IV

By and large, our expositions have done three good things for sculpture. They have managed to dislodge, even from the most painstaking of workers, a fearless immediacy of expression in their art. They have introduced to the public, in a large way on the terrace and in an intimate way within the gallery, the most interesting sculptors of the time. Above all, they have fostered and amazingly developed the give-and-take of collaboration in the arts. This last is their best gift to the spirit of American sculpture; it is the gift of the broader mind.
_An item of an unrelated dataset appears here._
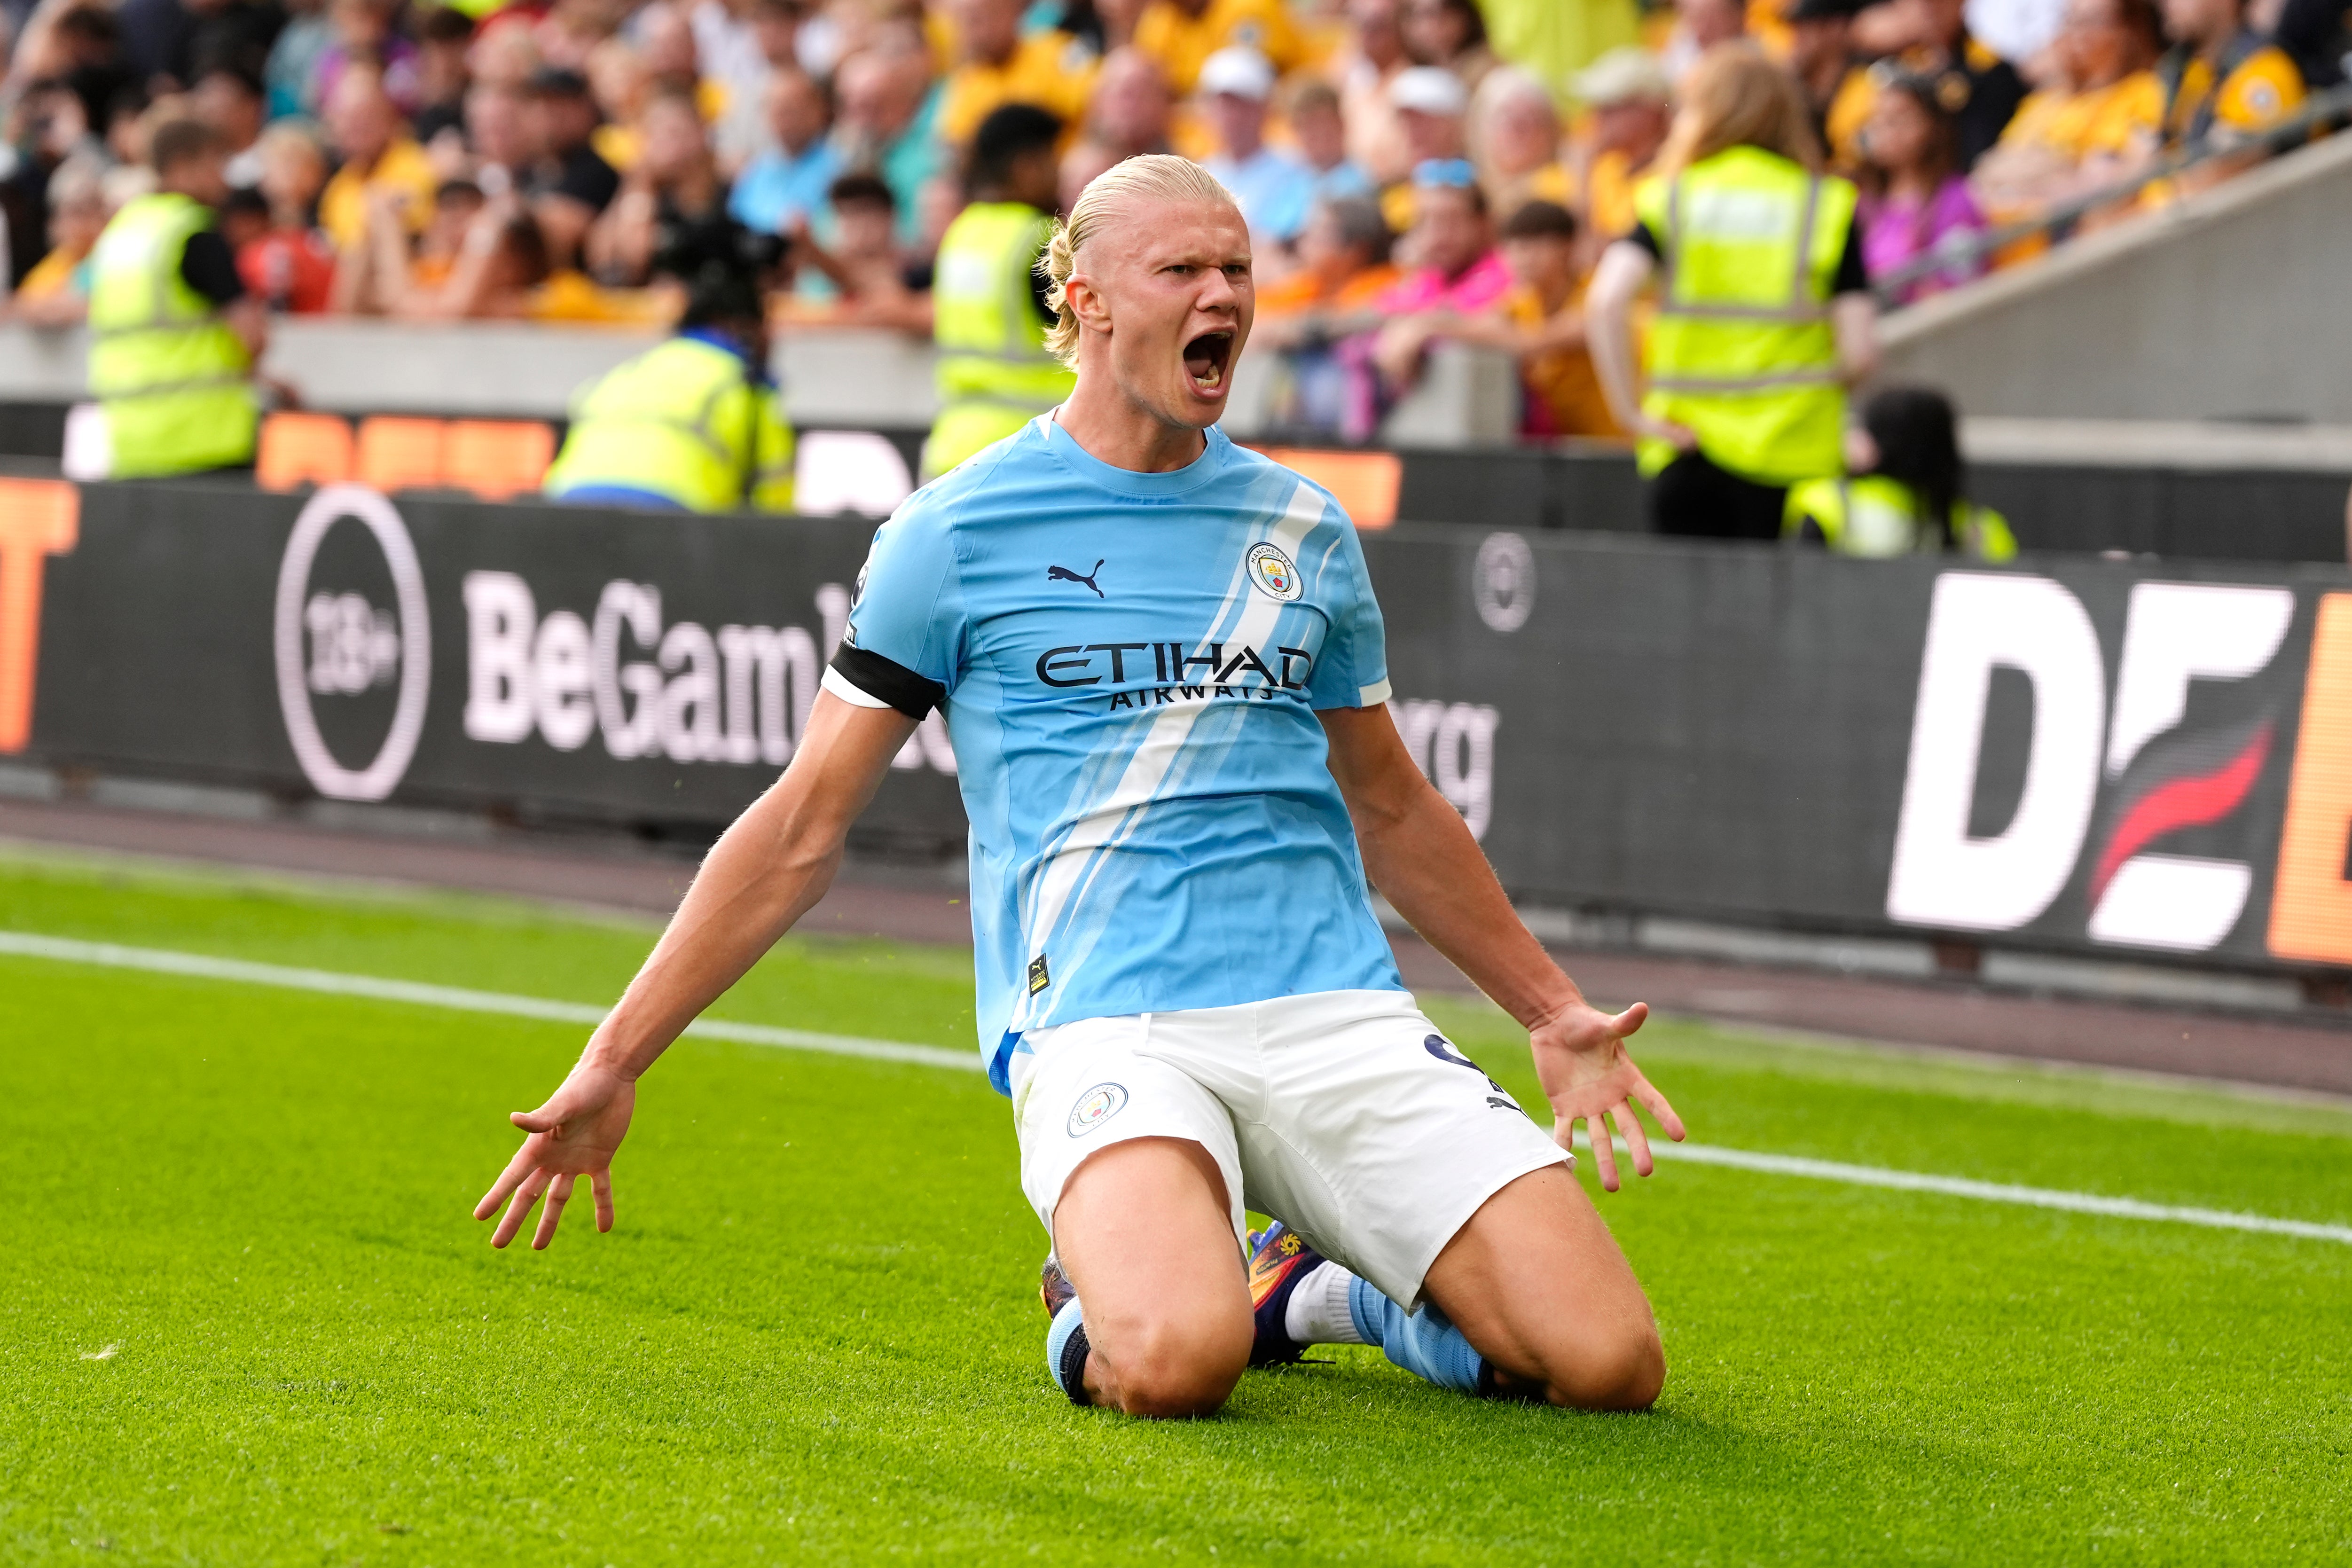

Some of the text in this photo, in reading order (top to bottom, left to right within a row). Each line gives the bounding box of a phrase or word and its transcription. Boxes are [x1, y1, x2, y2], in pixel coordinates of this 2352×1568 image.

Our American Academy in Rome, with its stirring legend, “Not merely fellowships, but fellowship,” is the direct outcome of the World’s Fair of 1893. Burnham, McKim, Mead, La Farge, Millet, Saint-Gaudens, and other artists who by collaboration made that Fair a thing of beauty resolved then and there that younger men should have such advantages as these that they themselves had gained by working together. Through their efforts, the project took shape. Though a National institution, our American Academy in Rome is endowed and maintained by private citizens. Its beneficiaries are young sculptors, painters, architects, classical scholars, landscape architects, and musicians who have already shown themselves signally fitted for their chosen work, and who, for the sake of our country’s art, ought to have the benefit of the three years of intensive and inter-related study in Rome. To-day, our Academy in Rome is regarded as the most important modern influence in American sculpture. “My reason for thinking it admirable,” writes Saint-Gaudens, “is my belief that the strenuous competition required to gain access to the Villa Medici, as well as the three years of study in that wonderful spot, tend to a more earnest and thorough training than could elsewhere be gained under the present conditions of life in our times.”